> [Task details] What is needed is an exact copy of the records, with the images left out.

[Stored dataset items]
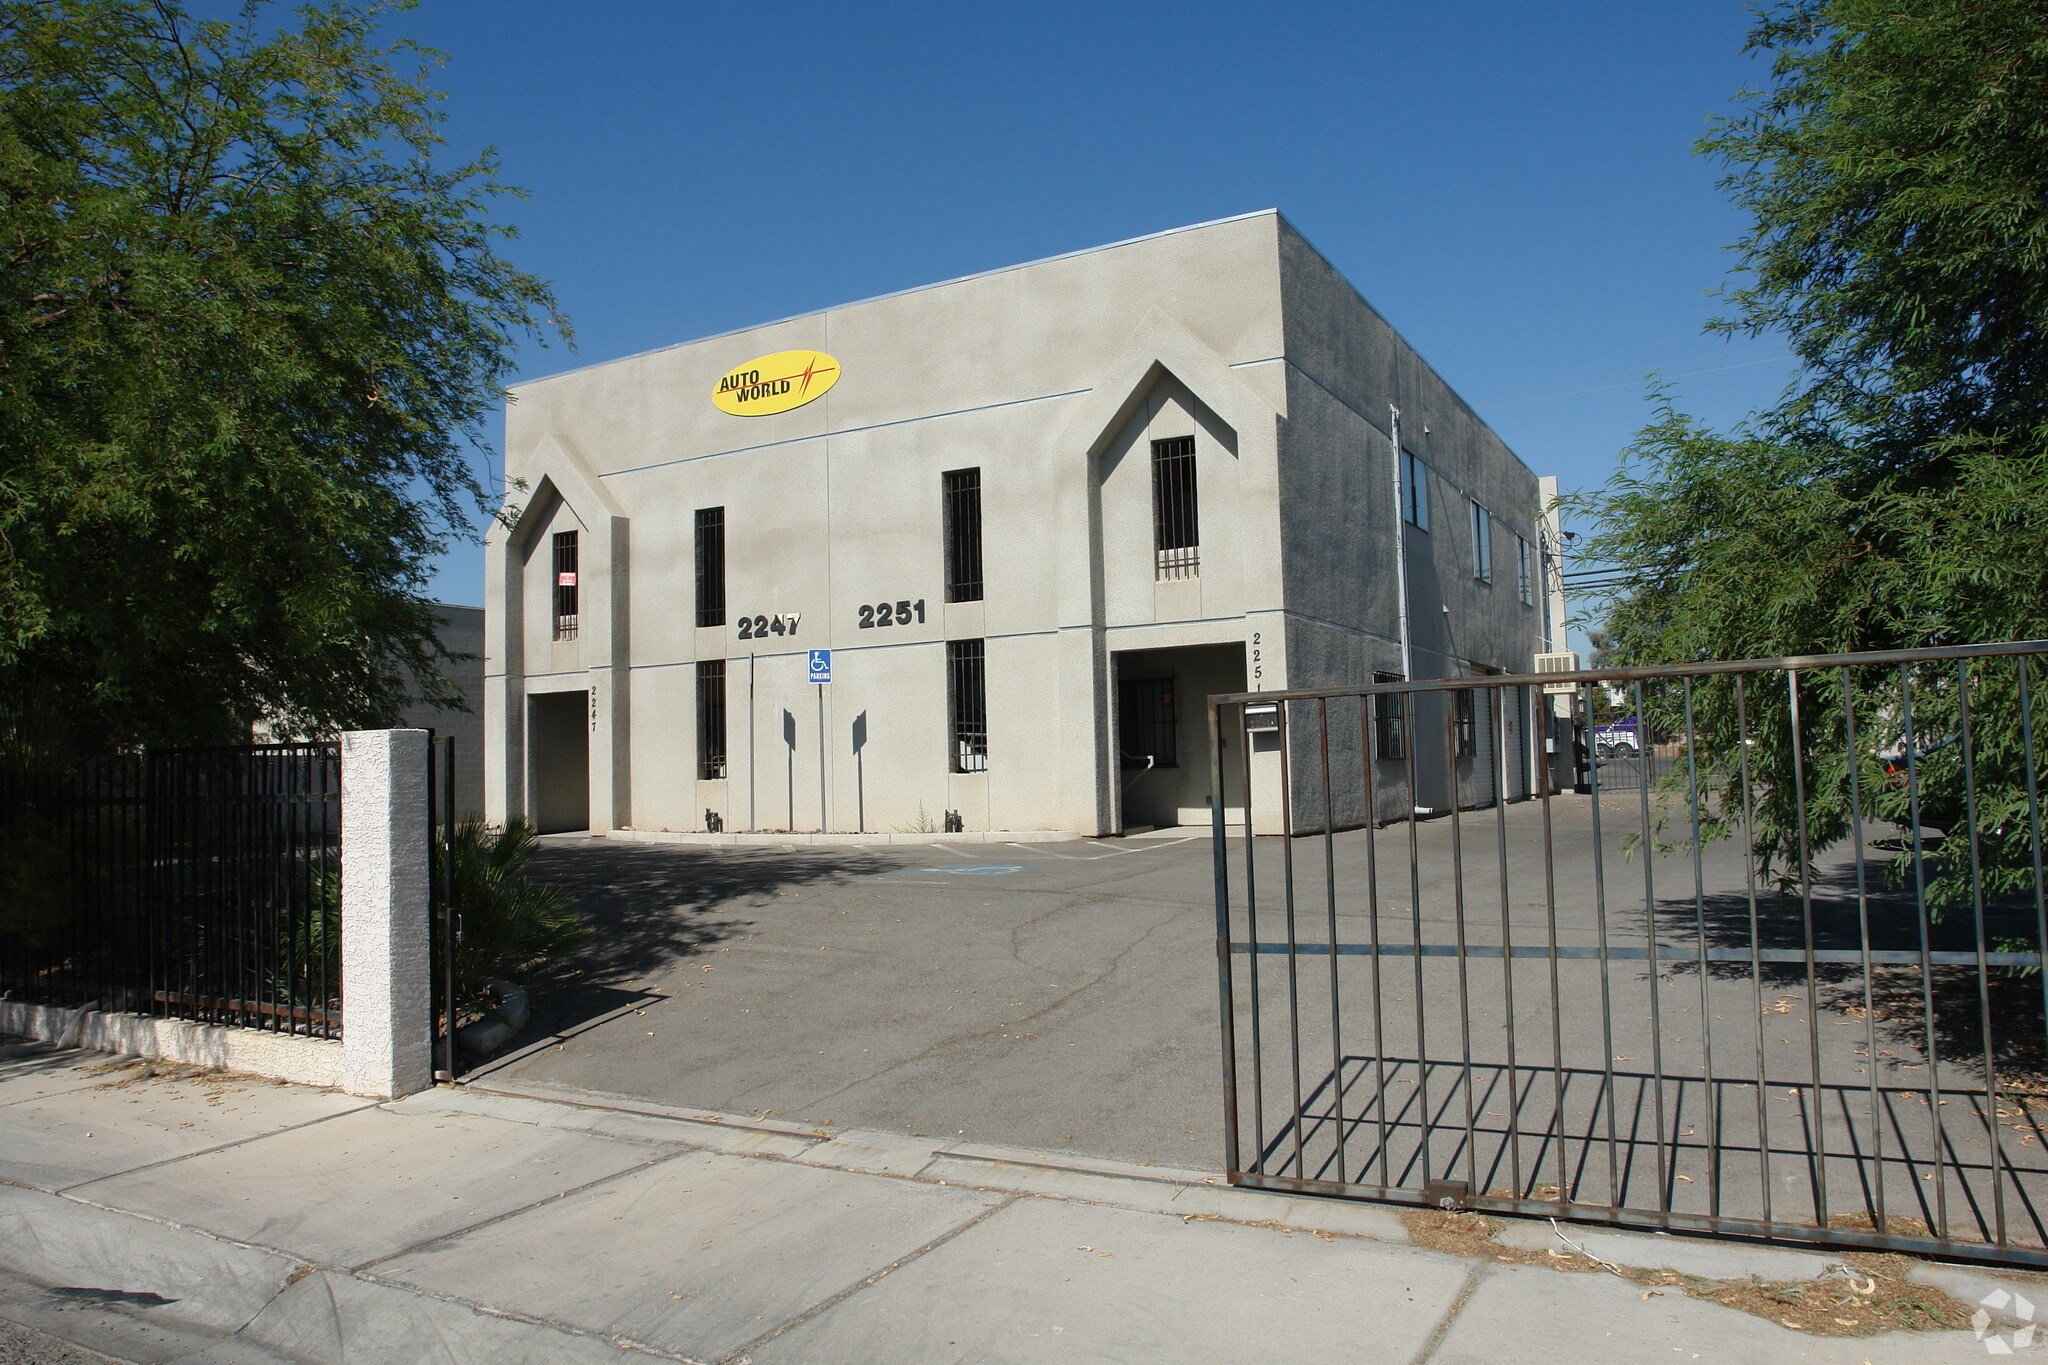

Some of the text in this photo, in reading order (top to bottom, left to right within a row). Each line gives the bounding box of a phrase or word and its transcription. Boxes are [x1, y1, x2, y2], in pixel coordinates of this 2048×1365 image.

[720, 369, 759, 392] AUTO
[736, 380, 790, 402] WORLD
[738, 612, 801, 639] 2247
[858, 599, 925, 629] 2251
[1253, 632, 1262, 692] 2251
[810, 672, 830, 680] PARKING
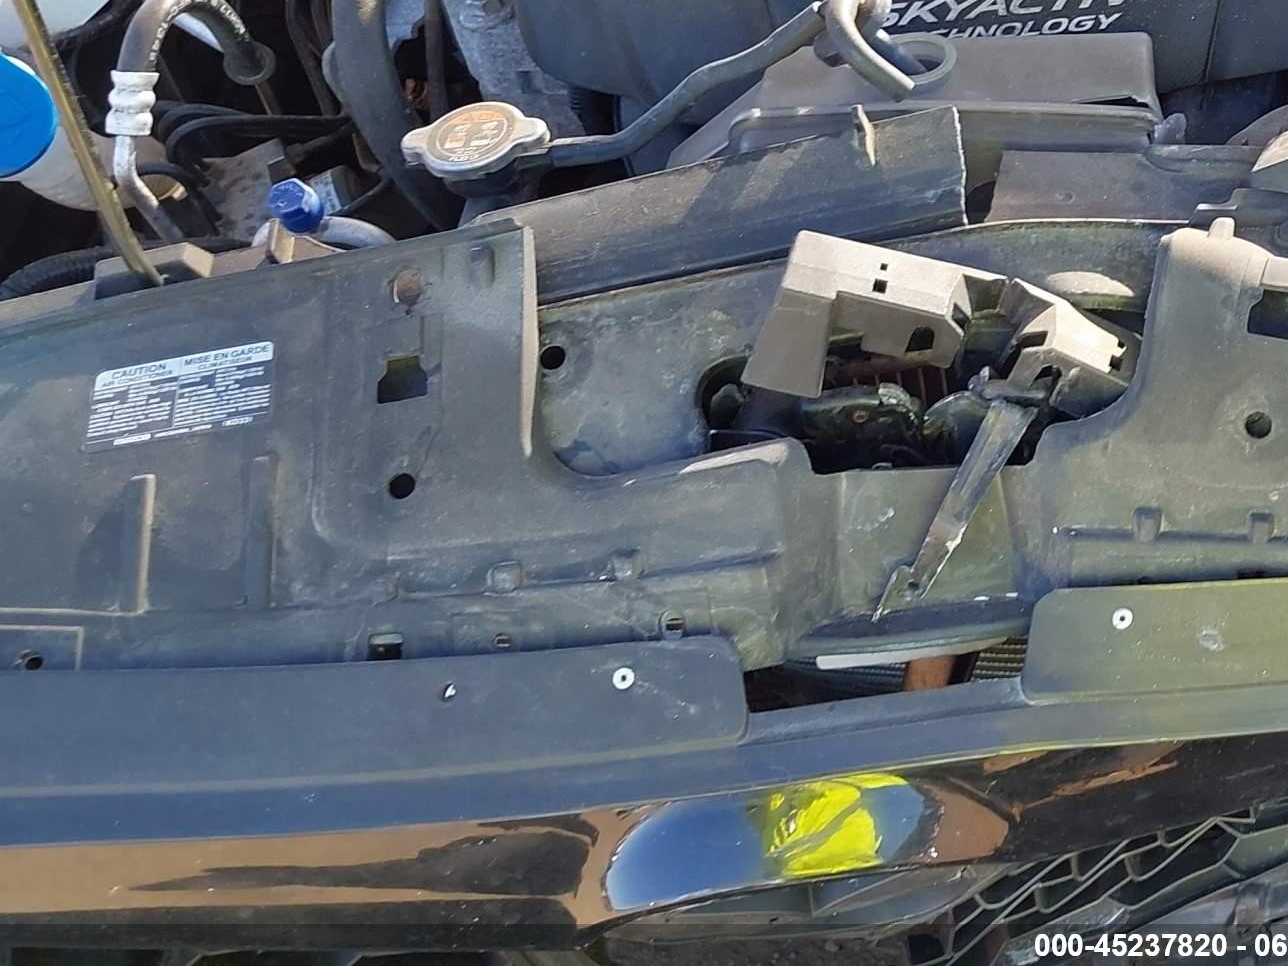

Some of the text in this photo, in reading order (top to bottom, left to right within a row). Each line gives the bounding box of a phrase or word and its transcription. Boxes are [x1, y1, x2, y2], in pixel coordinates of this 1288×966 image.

[928, 12, 1122, 39] HNOLOGY
[184, 344, 270, 366] MISE EN GARDE
[111, 363, 167, 380] CAUTION
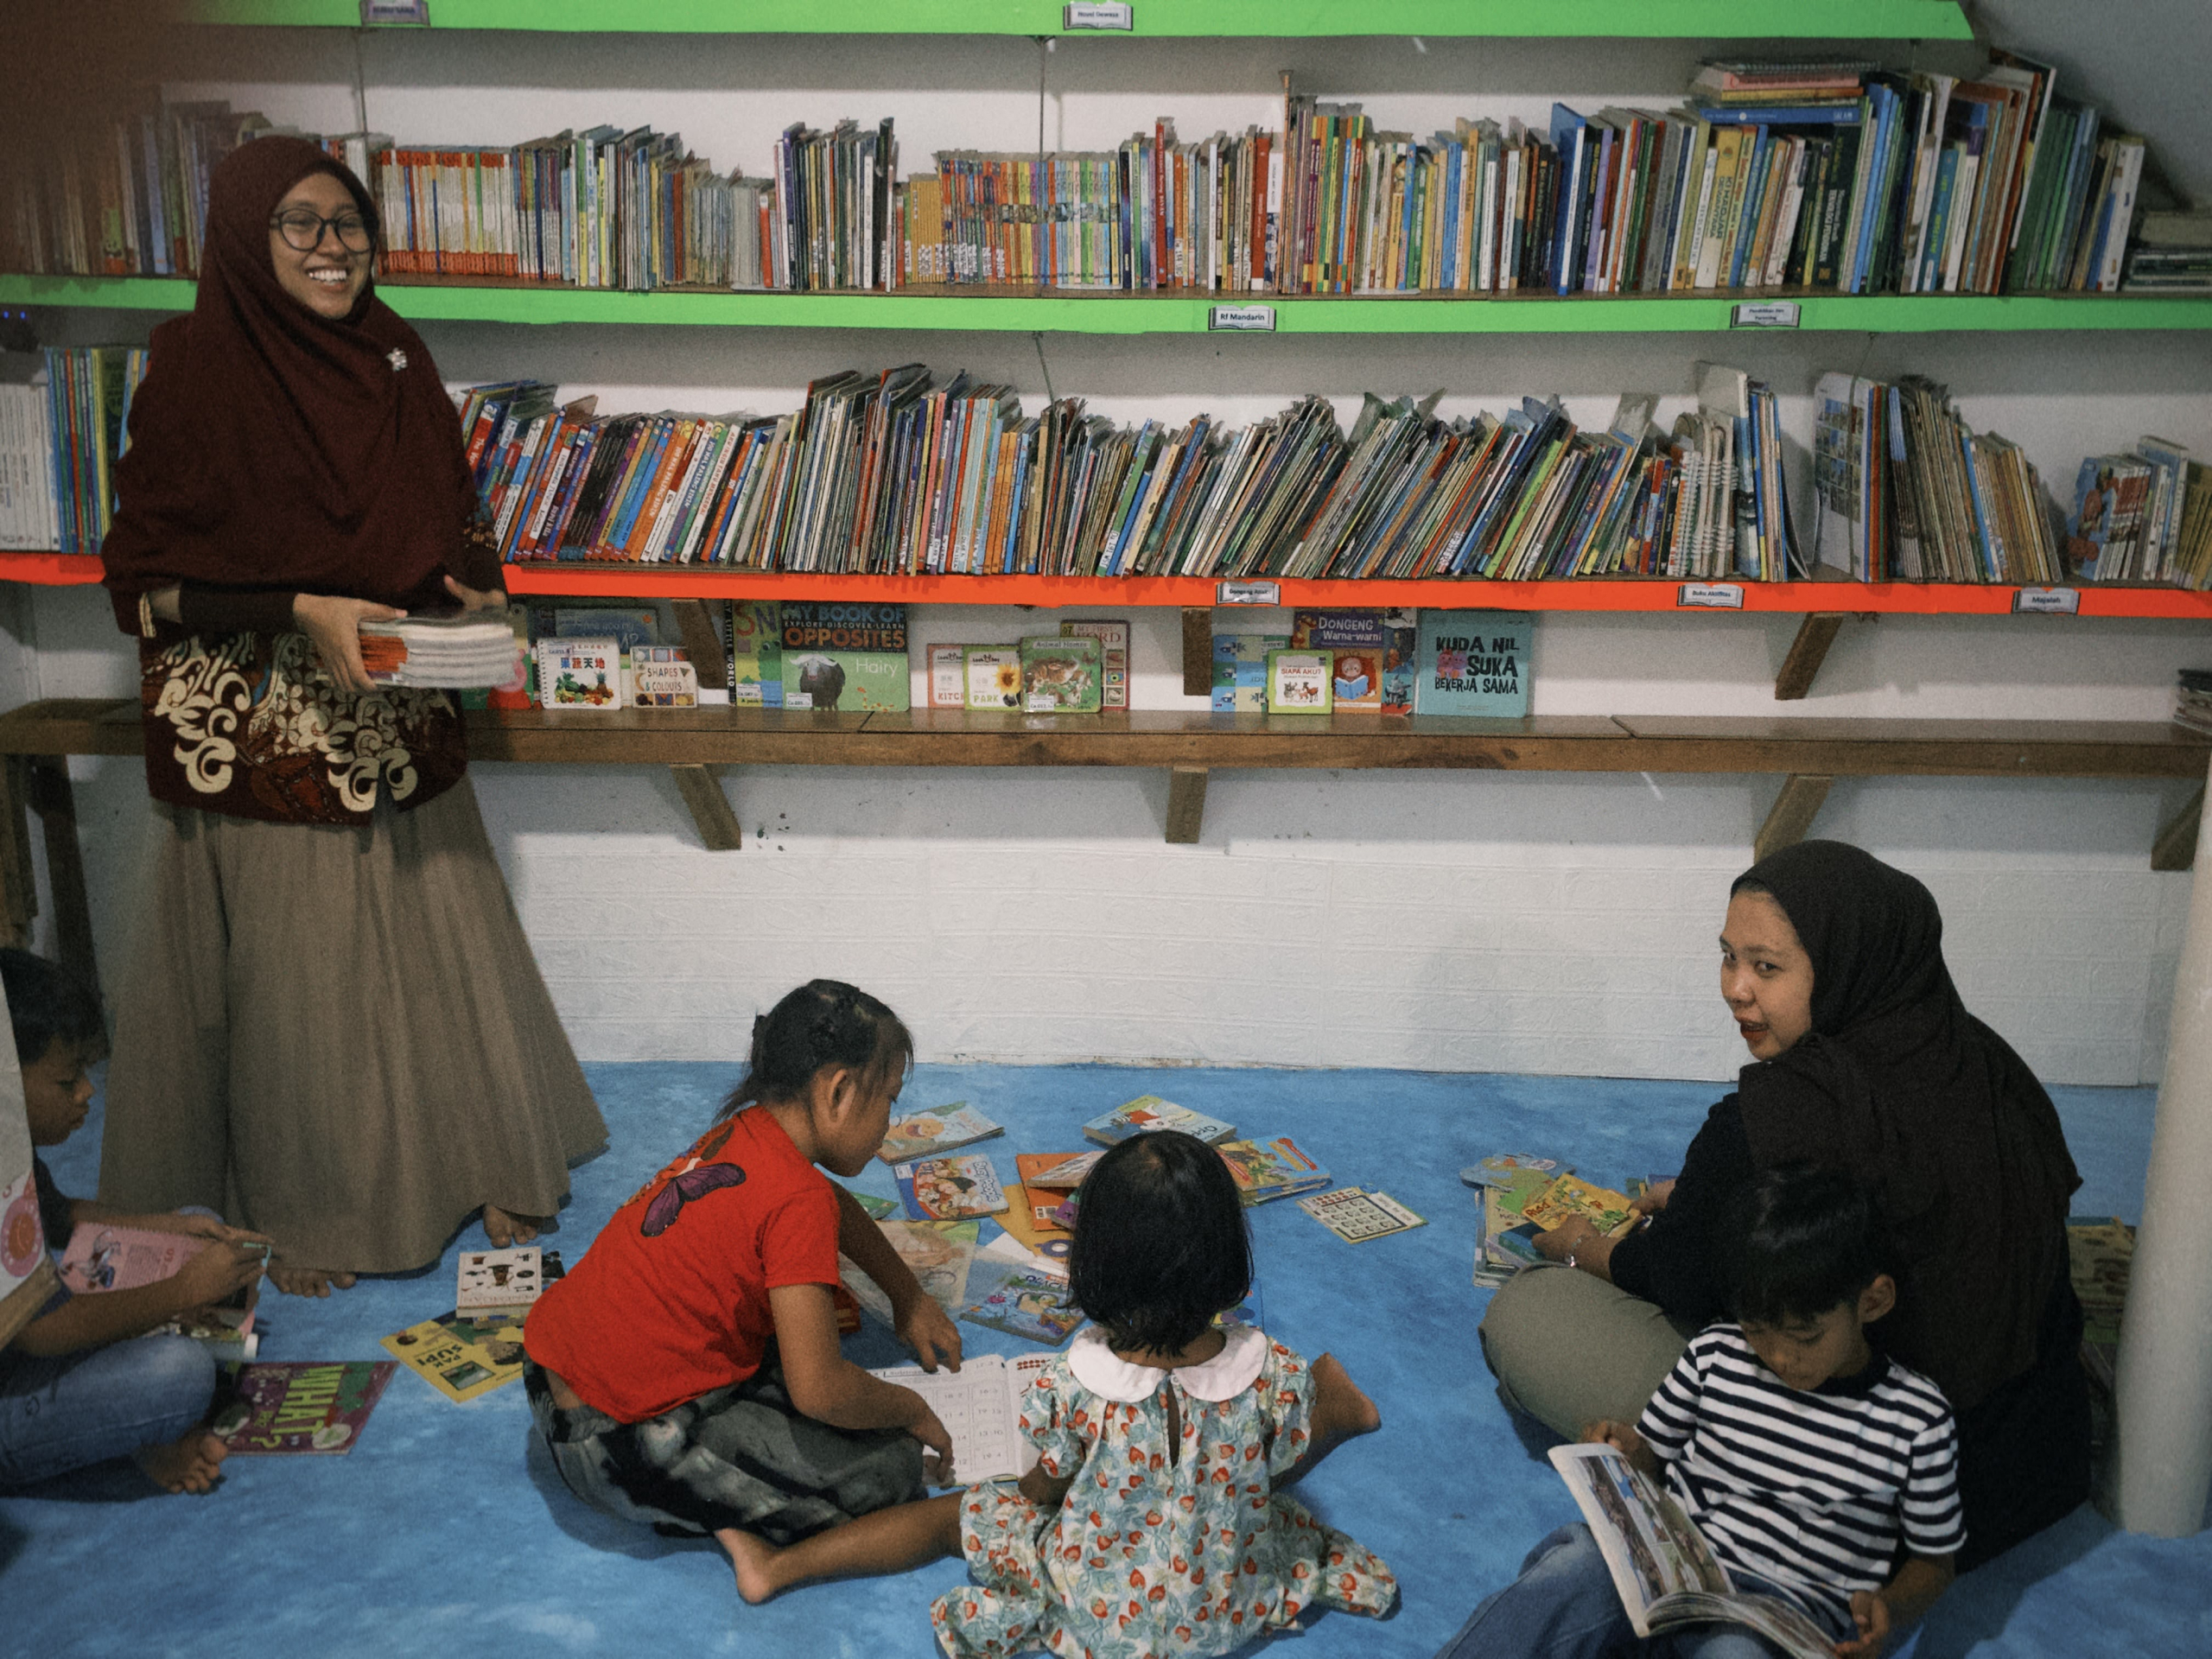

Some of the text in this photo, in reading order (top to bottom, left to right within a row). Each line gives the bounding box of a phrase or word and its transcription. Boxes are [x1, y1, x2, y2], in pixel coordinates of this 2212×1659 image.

[1708, 175, 1725, 238] DEWANTARA
[1715, 175, 1732, 239] KI HADJAR
[472, 435, 486, 451] The
[821, 606, 875, 622] BOOK
[879, 607, 906, 623] OF
[1318, 617, 1374, 631] DONGENG
[785, 627, 906, 648] OPPOSITES
[1322, 630, 1382, 642] Warna-warni
[1436, 636, 1520, 654] KUDA NIL
[560, 657, 606, 670] 果蔬天地
[647, 667, 678, 677] SHAPES
[855, 658, 899, 677] Hairy
[1465, 655, 1518, 677] SUKA
[652, 681, 683, 691] COLOURS
[1434, 677, 1518, 695] BEKERJA SAMA
[974, 695, 999, 703] PARK
[433, 1354, 461, 1369] PAK
[270, 1364, 346, 1435] WHAT

> [Final answer]
Some of the text in this photo, in reading order (top to bottom, left to right within a row). Each line gives the bounding box of a phrase or word and its transcription. Boxes are [x1, y1, x2, y2], in pixel coordinates of this 2048×1365 image.

[720, 369, 759, 392] AUTO
[736, 380, 790, 402] WORLD
[738, 612, 801, 639] 2247
[858, 599, 925, 629] 2251
[1253, 632, 1262, 692] 2251
[810, 672, 830, 680] PARKING

Some of the text in this photo, in reading order (top to bottom, left to right within a row). Each line gives the bounding box of a phrase or word and its transcription. Boxes are [x1, y1, x2, y2], in pixel coordinates of this 1288×966 image.

[928, 12, 1122, 39] HNOLOGY
[184, 344, 270, 366] MISE EN GARDE
[111, 363, 167, 380] CAUTION

Some of the text in this photo, in reading order (top to bottom, left to right within a row). Each line gives the bounding box of a phrase or word and its transcription. Boxes are [x1, y1, x2, y2], in pixel coordinates of this 2212×1659 image.

[1708, 175, 1725, 238] DEWANTARA
[1715, 175, 1732, 239] KI HADJAR
[472, 435, 486, 451] The
[821, 606, 875, 622] BOOK
[879, 607, 906, 623] OF
[1318, 617, 1374, 631] DONGENG
[785, 627, 906, 648] OPPOSITES
[1322, 630, 1382, 642] Warna-warni
[1436, 636, 1520, 654] KUDA NIL
[560, 657, 606, 670] 果蔬天地
[647, 667, 678, 677] SHAPES
[855, 658, 899, 677] Hairy
[1465, 655, 1518, 677] SUKA
[652, 681, 683, 691] COLOURS
[1434, 677, 1518, 695] BEKERJA SAMA
[974, 695, 999, 703] PARK
[433, 1354, 461, 1369] PAK
[270, 1364, 346, 1435] WHAT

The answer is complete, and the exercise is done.